### [What to produce]
Return each entry word for word, without its pictures.

◇ ◇ ◇

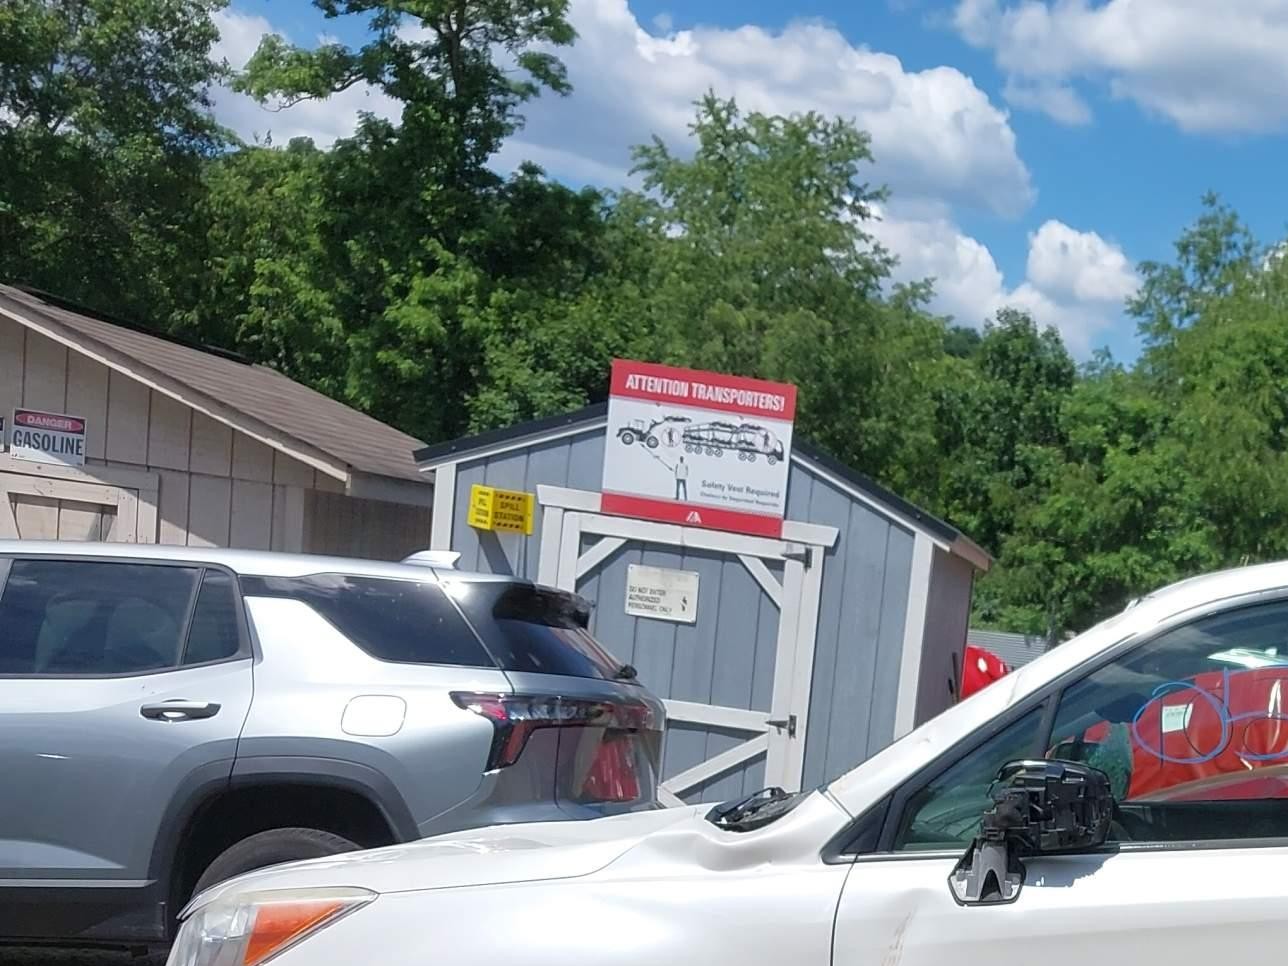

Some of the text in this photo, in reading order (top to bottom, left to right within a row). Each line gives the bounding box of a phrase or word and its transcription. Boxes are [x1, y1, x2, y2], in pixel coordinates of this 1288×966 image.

[625, 374, 785, 412] ATTENTION TRANSPORTERS!
[27, 415, 72, 431] DANGER
[13, 429, 85, 456] GASOLINE
[701, 480, 780, 498] Safety Vest Required

◇ ◇ ◇

### [Answer area]
Some of the text in this photo, in reading order (top to bottom, left to right within a row). Each line gives the bounding box of a phrase or word and its transcription. Boxes are [x1, y1, x2, y2], in pixel coordinates of this 1288×966 image.

[625, 374, 785, 412] ATTENTION TRANSPORTERS!
[27, 415, 72, 431] DANGER
[13, 429, 85, 456] GASOLINE
[701, 480, 780, 498] Safety Vest Required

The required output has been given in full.